The world's shortest ghost story tells of a woman in a haunted house fearfully locking her bedroom door, checking under the four-poster bed and finally climbing into it, pulling the heavy hangings around her and lying down in the darkness to hear a malign voice inside the curtains whispering "Now we're shut in together ..." This wasn't that sort of bed. Not a solid, John Webster number to make you feel like the filling in an oak sandwich. This was altogether a more insubstantial affair. We lay on it pensively. Above, on the real ceiling, a fat fly zubbed maniacally about, the sort of monster you only get in an unnaturally warm autumn.

But the public rooms were sensational. Drinks in the baronial bar: pity about the party of aged Americans whose idea of dressing for dinner was shell-suits and white Nikes. They shovelled down their dinner at great speed, which made me wonder what they were eating. We found it rather difficult to accelerate through pre-war dishes such as cutlets of Welsh lamb on a thick bed of spongy pate. Whereas in modern menu parlance items "nestle", here everything squatted among the garnishes, looking disgruntled.

We had to walk it off so we headed for the village.
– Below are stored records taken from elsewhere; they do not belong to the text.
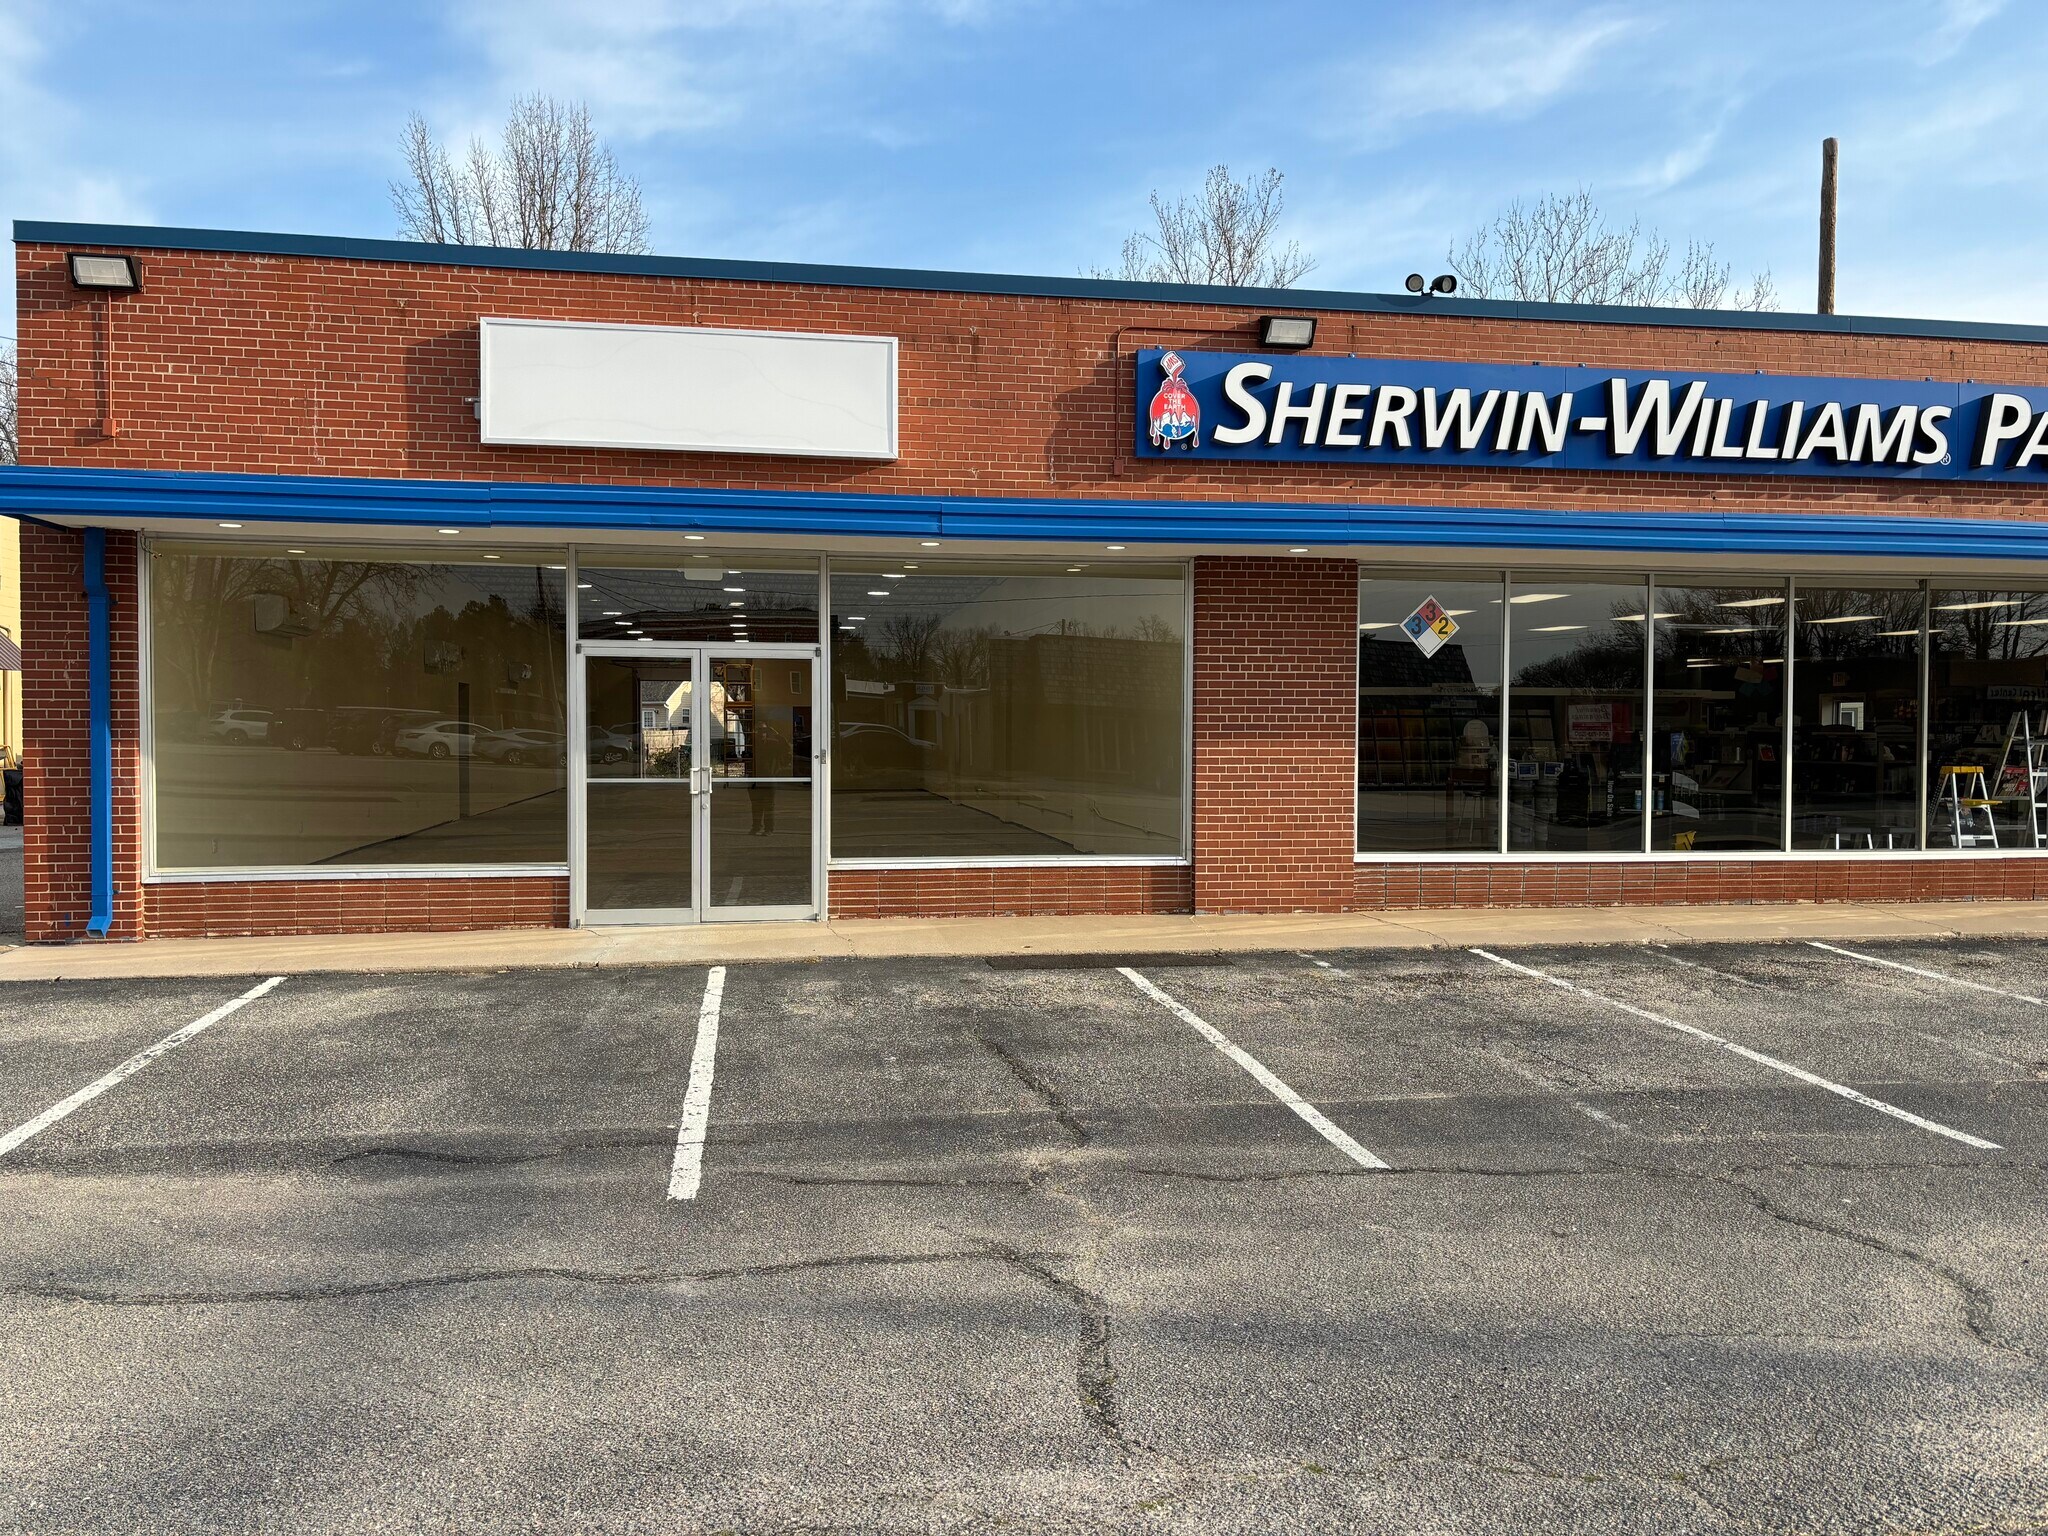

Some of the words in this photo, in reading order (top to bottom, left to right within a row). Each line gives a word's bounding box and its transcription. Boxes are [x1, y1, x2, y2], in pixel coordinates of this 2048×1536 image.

[1214, 363, 1952, 465] SHERWIN-WILLIAMS
[1425, 603, 1437, 621] 3
[1411, 616, 1422, 635] 3
[1438, 616, 1449, 635] 2
[1606, 794, 1615, 803] On
[1606, 803, 1614, 817] Sale
Back through the stone arch it was a different world, and a young one, as the local kids zigzagged wildly through the streets, either on foot or in cars with no lights. Had they killed all the over-30s? Every house seemed deserted; every pub was heaving and belching out rap music. Drunken teenagers sat on the war memorial and screamed across the street at each other in Welsh. There was no malevolence and no up-chucking, which was a relief: wandering round Derby on a recent Sunday morning I observed you could probably do a detailed dietary analysis of the locals purely on the basis of the pools of vomit in the town centre. Wandering down back streets, we were entranced by the darkness of the sky and radiance of the stars compared with London's orange fug. (Two days later I had turned into Withnail: "Why's it so dark? Why aren't there any street-lights? Isn't Wales on the bloody National Grid?")
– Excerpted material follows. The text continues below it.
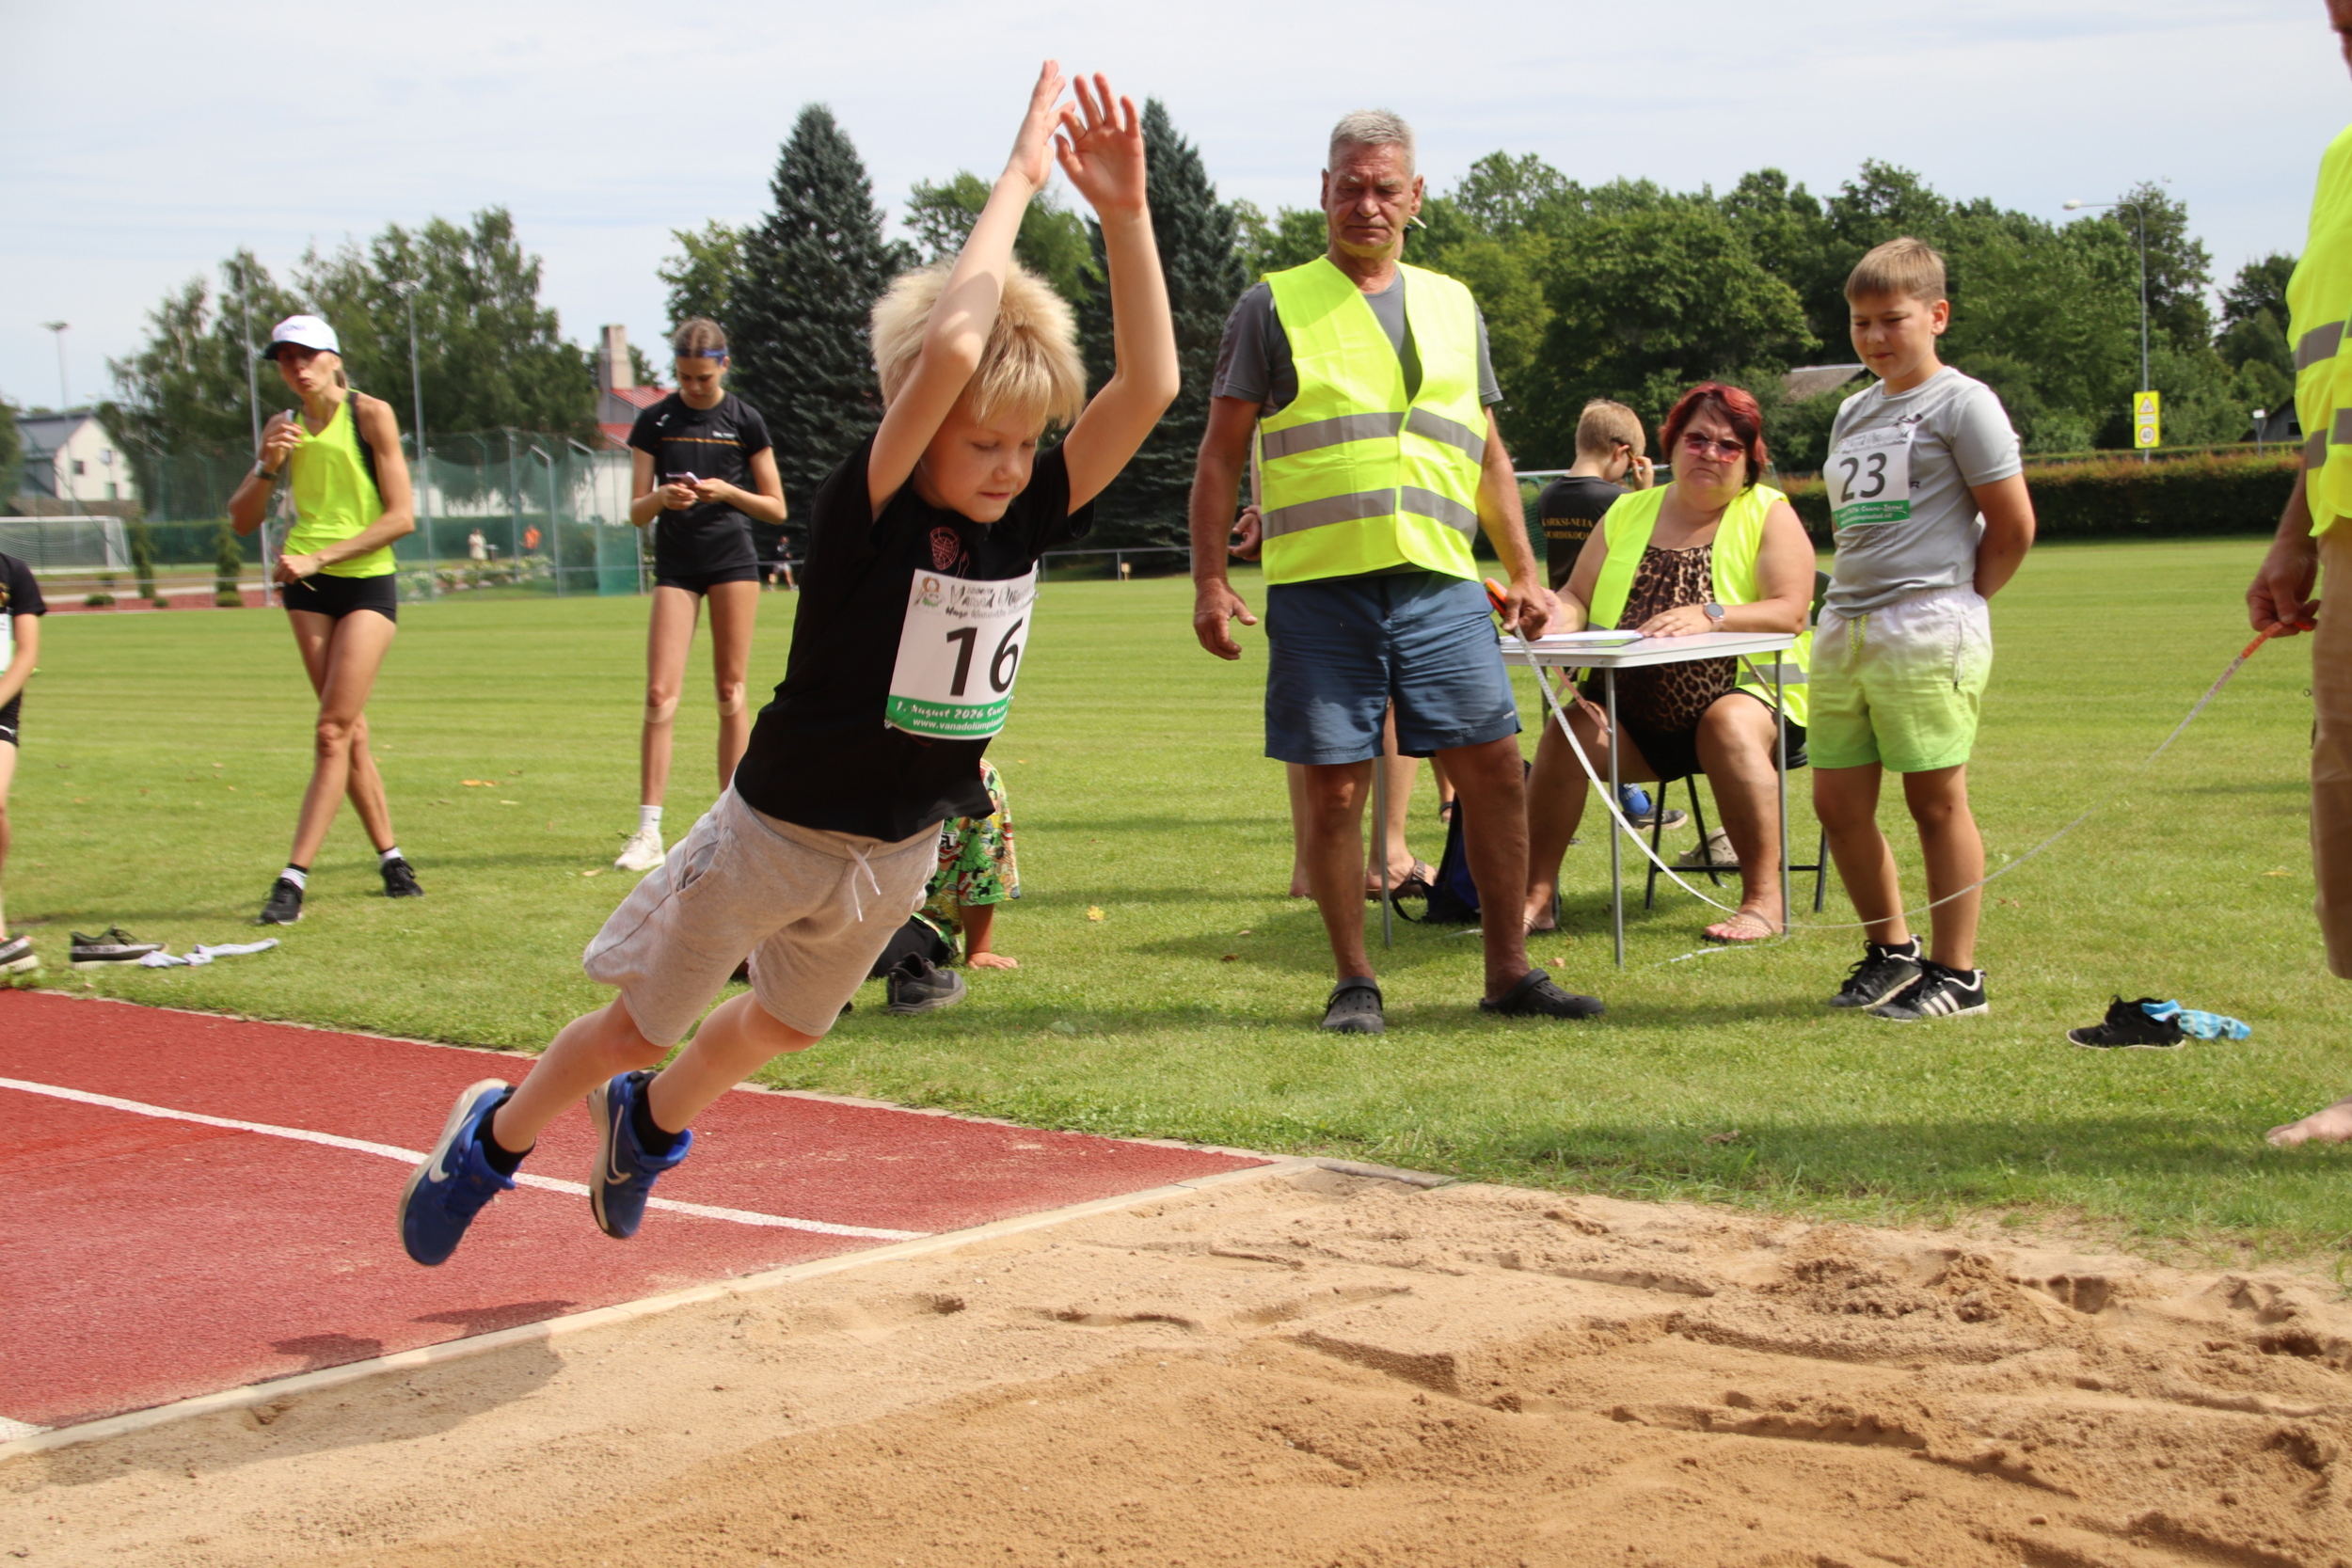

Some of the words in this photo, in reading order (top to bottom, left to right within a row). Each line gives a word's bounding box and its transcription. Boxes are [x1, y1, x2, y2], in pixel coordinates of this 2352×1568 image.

[1839, 452, 1887, 503] 23
[946, 616, 1024, 697] 16
[954, 708, 984, 720] 2026
Our night was untroubled by ghostly intruders, and any creepy clanking noises were due to the central heating and not a suit of armour on the march. Breakfast, on a suddenly glorious blue morning, was enlivened by the presence of three peacocks who posed with great deliberation outside the bay window. Afterwards we explored, diving in and out of the shrubberies and trying locked garden doors. The house seemed to have been built by an illusionist: everywhere we turned, a new tower or wing popped up. Still in a dream, we drove away.

It wasn't until much later that day, when we had travelled several hundred miles away to our next destination, that I discovered we had, in fact, had a spectral visitation in our room, probably while we were slowly chewing our way through the macabre dinner: one which had removed pounds 40 from my purse and melted away down the lonely corridor, chuckling. Trick or treat? Bastards!
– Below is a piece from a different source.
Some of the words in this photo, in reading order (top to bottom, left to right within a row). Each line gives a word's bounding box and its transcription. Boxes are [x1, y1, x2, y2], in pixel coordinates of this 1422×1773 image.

Thank God for the Old Bull's Head in Beaumaris, where all the rooms are named after characters from Dickens. In my current mood I was fully expecting to be lodged in Jo The Crossing Sweeper, Fagin's garret, Ebenezer Scrooge, or Sarah Gamp. Great was my satisfaction when the key marked Mr Pickwick was pushed over the counter. The Pickwick Papers is my least favourite Dickens, but roly-poly Mr P at least carries all the right connotations of liberality and good cheer. Before dinner we walked out through the huge gate (the biggest single-hinged gate in the British Isles, apparently) and wandered round the silent town. A half-moon shone down on the Menai Straits and the beach was piled high with what looked like used Darjeeling tea leaves. A huge dinner did something to restore my sense of well-being, but throughout the meal I kept the strap of my bag looped over my knee. I have regretfully come to the conclusion now, after years of happy hotel- going, that you're not safe anywhere.